§ WHAT NEEDS TO BE DONE:
A complete transcription of the material, exact in every line, is what is wanted.

§ DATA SHOWN:
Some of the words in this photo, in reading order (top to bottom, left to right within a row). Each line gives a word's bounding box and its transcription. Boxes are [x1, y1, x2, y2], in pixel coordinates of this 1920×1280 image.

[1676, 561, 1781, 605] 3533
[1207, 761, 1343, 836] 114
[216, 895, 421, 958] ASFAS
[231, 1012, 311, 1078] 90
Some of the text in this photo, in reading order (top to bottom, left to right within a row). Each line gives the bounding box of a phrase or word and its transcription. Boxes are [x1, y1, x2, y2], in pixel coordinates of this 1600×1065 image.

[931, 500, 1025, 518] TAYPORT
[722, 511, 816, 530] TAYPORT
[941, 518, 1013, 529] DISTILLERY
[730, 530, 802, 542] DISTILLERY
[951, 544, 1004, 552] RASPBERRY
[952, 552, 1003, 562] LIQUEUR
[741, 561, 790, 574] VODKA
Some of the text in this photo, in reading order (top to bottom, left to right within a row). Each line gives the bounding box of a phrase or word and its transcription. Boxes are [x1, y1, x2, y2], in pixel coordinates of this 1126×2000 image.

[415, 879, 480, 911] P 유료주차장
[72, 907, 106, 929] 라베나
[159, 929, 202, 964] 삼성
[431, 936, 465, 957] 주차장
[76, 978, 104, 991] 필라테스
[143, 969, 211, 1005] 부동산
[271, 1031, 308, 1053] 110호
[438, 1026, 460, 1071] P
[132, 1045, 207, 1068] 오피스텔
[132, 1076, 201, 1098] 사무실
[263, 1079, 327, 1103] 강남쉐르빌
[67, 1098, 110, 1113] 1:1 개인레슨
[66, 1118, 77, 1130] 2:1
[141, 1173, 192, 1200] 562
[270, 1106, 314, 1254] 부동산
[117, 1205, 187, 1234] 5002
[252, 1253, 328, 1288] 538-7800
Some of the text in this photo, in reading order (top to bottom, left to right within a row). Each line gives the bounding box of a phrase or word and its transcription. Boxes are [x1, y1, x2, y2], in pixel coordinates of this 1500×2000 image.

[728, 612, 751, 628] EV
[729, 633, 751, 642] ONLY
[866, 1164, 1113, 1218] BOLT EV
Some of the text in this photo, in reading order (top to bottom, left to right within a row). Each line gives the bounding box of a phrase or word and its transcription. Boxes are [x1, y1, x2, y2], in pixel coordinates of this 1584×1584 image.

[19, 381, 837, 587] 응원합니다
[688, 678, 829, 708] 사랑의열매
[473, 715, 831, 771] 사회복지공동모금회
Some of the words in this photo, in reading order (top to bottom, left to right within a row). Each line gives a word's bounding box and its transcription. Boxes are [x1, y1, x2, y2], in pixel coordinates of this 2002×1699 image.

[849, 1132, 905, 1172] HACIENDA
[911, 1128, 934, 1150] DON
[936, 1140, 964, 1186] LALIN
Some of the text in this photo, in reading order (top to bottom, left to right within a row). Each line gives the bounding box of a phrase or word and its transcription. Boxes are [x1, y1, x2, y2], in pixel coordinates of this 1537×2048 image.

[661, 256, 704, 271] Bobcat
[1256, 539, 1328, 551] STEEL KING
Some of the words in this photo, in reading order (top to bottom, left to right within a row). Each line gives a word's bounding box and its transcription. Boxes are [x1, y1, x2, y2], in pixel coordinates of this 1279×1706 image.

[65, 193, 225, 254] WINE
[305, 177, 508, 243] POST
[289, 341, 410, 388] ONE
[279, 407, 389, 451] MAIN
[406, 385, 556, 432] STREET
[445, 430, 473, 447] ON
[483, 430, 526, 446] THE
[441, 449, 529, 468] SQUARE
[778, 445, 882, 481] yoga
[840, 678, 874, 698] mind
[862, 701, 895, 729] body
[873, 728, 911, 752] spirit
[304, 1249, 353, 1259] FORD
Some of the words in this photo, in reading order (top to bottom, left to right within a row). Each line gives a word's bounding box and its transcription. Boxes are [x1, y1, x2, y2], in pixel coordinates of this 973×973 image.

§ RESULT FOR THIS TASK:
Some of the words in this photo, in reading order (top to bottom, left to right within a row). Each line gives a word's bounding box and its transcription. Boxes are [x1, y1, x2, y2], in pixel coordinates of this 1920×1280 image.

[1676, 561, 1781, 605] 3533
[1207, 761, 1343, 836] 114
[216, 895, 421, 958] ASFAS
[231, 1012, 311, 1078] 90
Some of the text in this photo, in reading order (top to bottom, left to right within a row). Each line gives the bounding box of a phrase or word and its transcription. Boxes are [x1, y1, x2, y2], in pixel coordinates of this 1600×1065 image.

[931, 500, 1025, 518] TAYPORT
[722, 511, 816, 530] TAYPORT
[941, 518, 1013, 529] DISTILLERY
[730, 530, 802, 542] DISTILLERY
[951, 544, 1004, 552] RASPBERRY
[952, 552, 1003, 562] LIQUEUR
[741, 561, 790, 574] VODKA
Some of the text in this photo, in reading order (top to bottom, left to right within a row). Each line gives the bounding box of a phrase or word and its transcription. Boxes are [x1, y1, x2, y2], in pixel coordinates of this 1126×2000 image.

[415, 879, 480, 911] P 유료주차장
[72, 907, 106, 929] 라베나
[159, 929, 202, 964] 삼성
[431, 936, 465, 957] 주차장
[76, 978, 104, 991] 필라테스
[143, 969, 211, 1005] 부동산
[271, 1031, 308, 1053] 110호
[438, 1026, 460, 1071] P
[132, 1045, 207, 1068] 오피스텔
[132, 1076, 201, 1098] 사무실
[263, 1079, 327, 1103] 강남쉐르빌
[67, 1098, 110, 1113] 1:1 개인레슨
[66, 1118, 77, 1130] 2:1
[141, 1173, 192, 1200] 562
[270, 1106, 314, 1254] 부동산
[117, 1205, 187, 1234] 5002
[252, 1253, 328, 1288] 538-7800
Some of the text in this photo, in reading order (top to bottom, left to right within a row). Each line gives the bounding box of a phrase or word and its transcription. Boxes are [x1, y1, x2, y2], in pixel coordinates of this 1500×2000 image.

[728, 612, 751, 628] EV
[729, 633, 751, 642] ONLY
[866, 1164, 1113, 1218] BOLT EV
Some of the text in this photo, in reading order (top to bottom, left to right within a row). Each line gives the bounding box of a phrase or word and its transcription. Boxes are [x1, y1, x2, y2], in pixel coordinates of this 1584×1584 image.

[19, 381, 837, 587] 응원합니다
[688, 678, 829, 708] 사랑의열매
[473, 715, 831, 771] 사회복지공동모금회
Some of the words in this photo, in reading order (top to bottom, left to right within a row). Each line gives a word's bounding box and its transcription. Boxes are [x1, y1, x2, y2], in pixel coordinates of this 2002×1699 image.

[849, 1132, 905, 1172] HACIENDA
[911, 1128, 934, 1150] DON
[936, 1140, 964, 1186] LALIN
Some of the text in this photo, in reading order (top to bottom, left to right within a row). Each line gives the bounding box of a phrase or word and its transcription. Boxes are [x1, y1, x2, y2], in pixel coordinates of this 1537×2048 image.

[661, 256, 704, 271] Bobcat
[1256, 539, 1328, 551] STEEL KING
Some of the words in this photo, in reading order (top to bottom, left to right within a row). Each line gives a word's bounding box and its transcription. Boxes are [x1, y1, x2, y2], in pixel coordinates of this 1279×1706 image.

[65, 193, 225, 254] WINE
[305, 177, 508, 243] POST
[289, 341, 410, 388] ONE
[279, 407, 389, 451] MAIN
[406, 385, 556, 432] STREET
[445, 430, 473, 447] ON
[483, 430, 526, 446] THE
[441, 449, 529, 468] SQUARE
[778, 445, 882, 481] yoga
[840, 678, 874, 698] mind
[862, 701, 895, 729] body
[873, 728, 911, 752] spirit
[304, 1249, 353, 1259] FORD
Some of the words in this photo, in reading order (top to bottom, left to right within a row). Each line gives a word's bounding box and its transcription. Boxes are [x1, y1, x2, y2], in pixel coordinates of this 973×973 image.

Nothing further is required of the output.